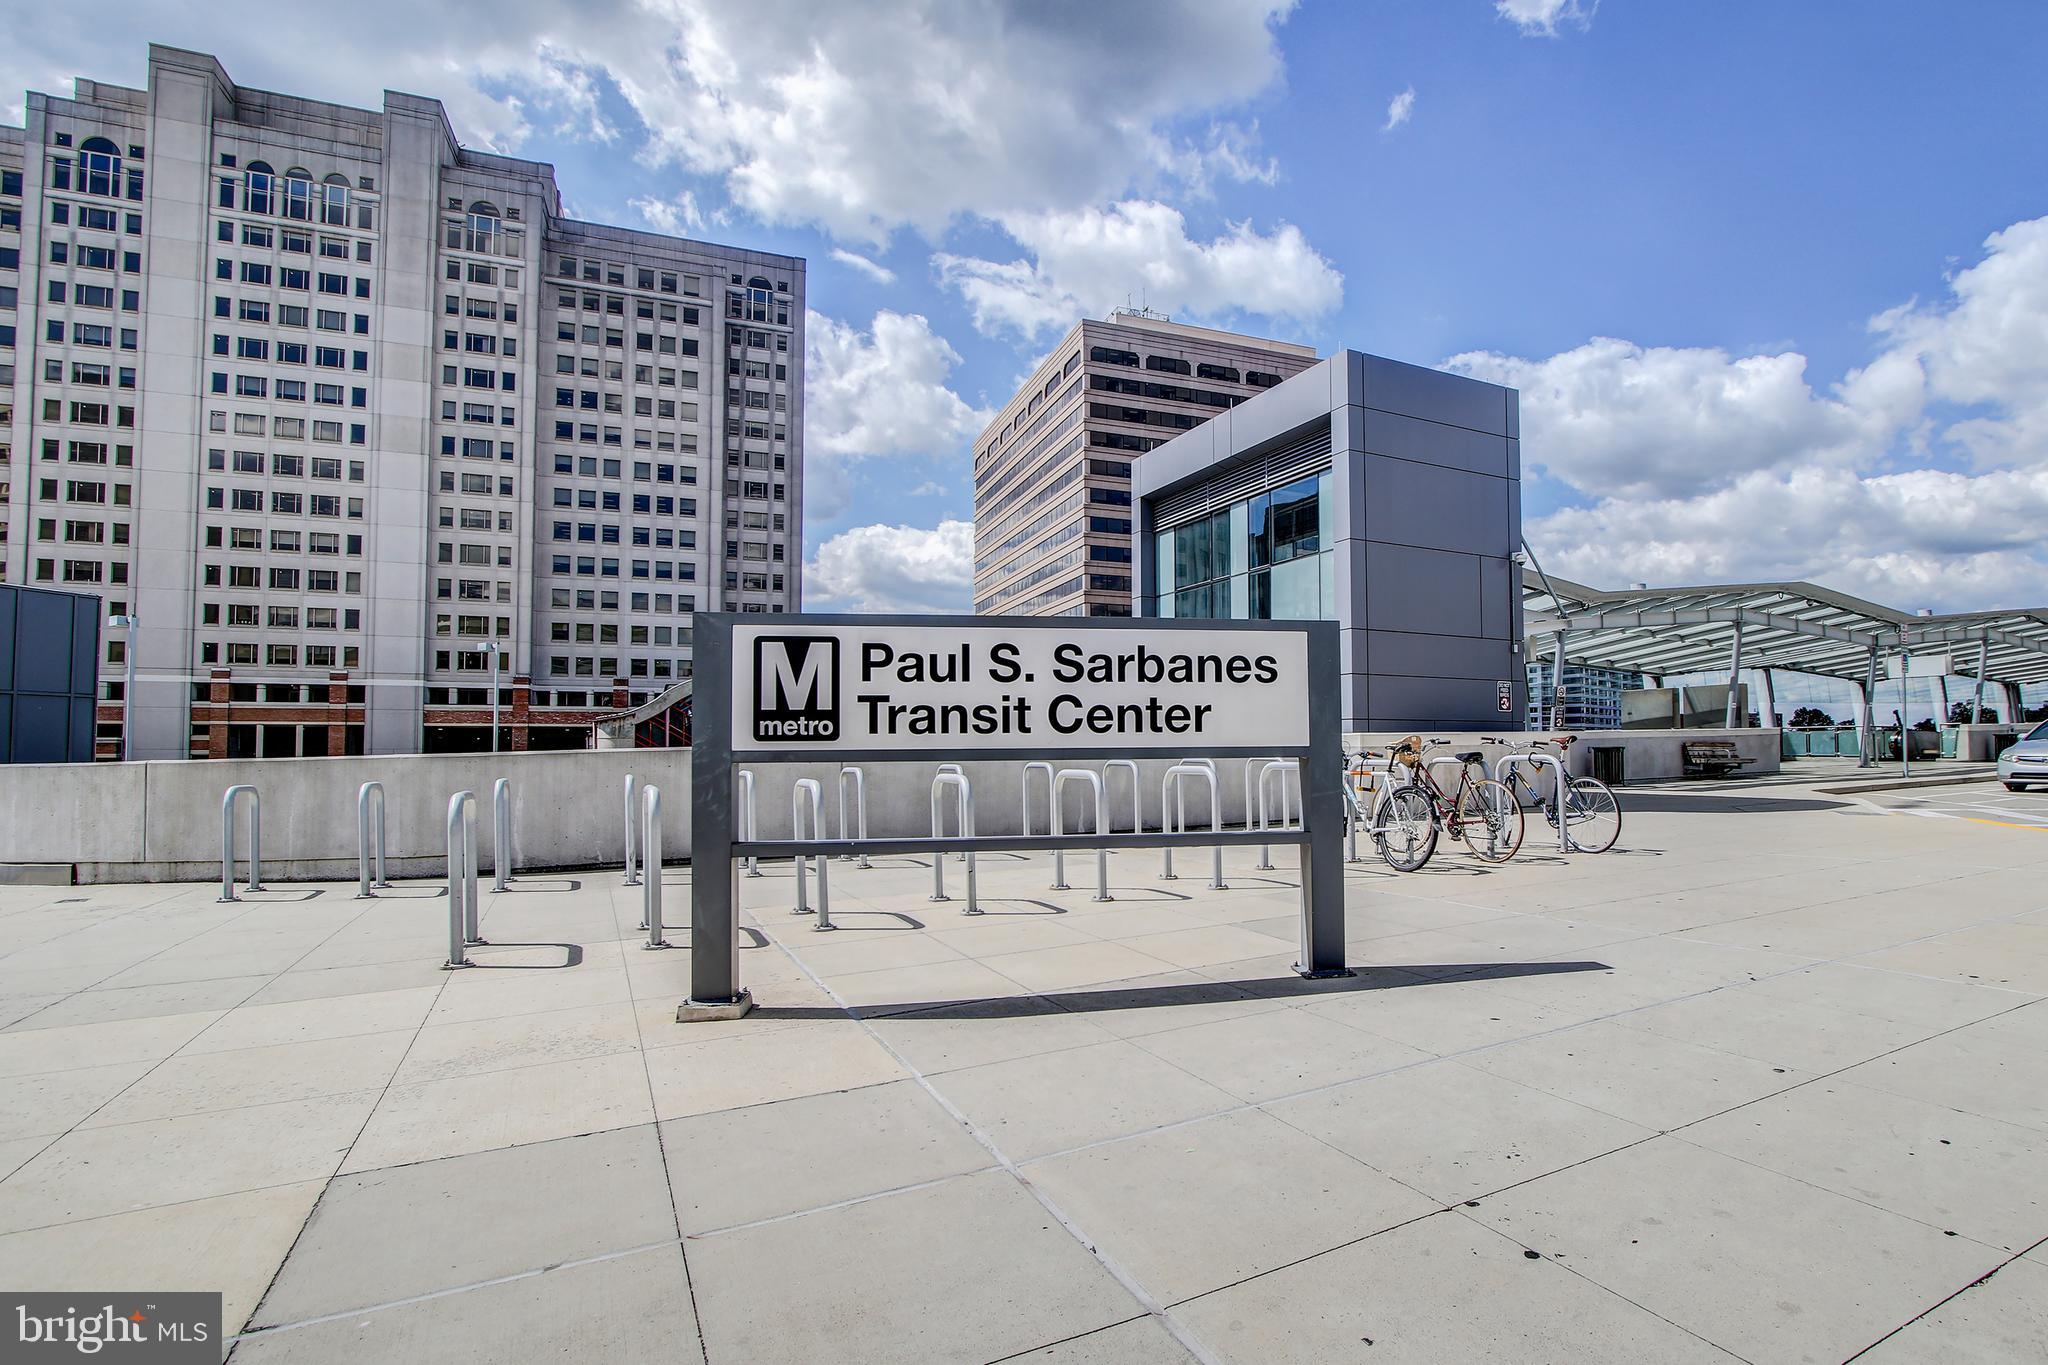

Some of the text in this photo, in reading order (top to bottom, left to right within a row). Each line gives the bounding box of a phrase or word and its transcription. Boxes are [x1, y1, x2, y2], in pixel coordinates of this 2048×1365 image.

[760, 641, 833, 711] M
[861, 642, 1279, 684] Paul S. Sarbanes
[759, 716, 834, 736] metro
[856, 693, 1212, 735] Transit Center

* WHAT IS EXPECTED *
What is needed is a verbatim transcription of the records, minus the pictures.

* RESPONSE *
Some of the text in this photo, in reading order (top to bottom, left to right within a row). Each line gives the bounding box of a phrase or word and its transcription. Boxes are [x1, y1, x2, y2], in pixel coordinates of this 2048×1365 image.

[760, 641, 833, 711] M
[861, 642, 1279, 684] Paul S. Sarbanes
[759, 716, 834, 736] metro
[856, 693, 1212, 735] Transit Center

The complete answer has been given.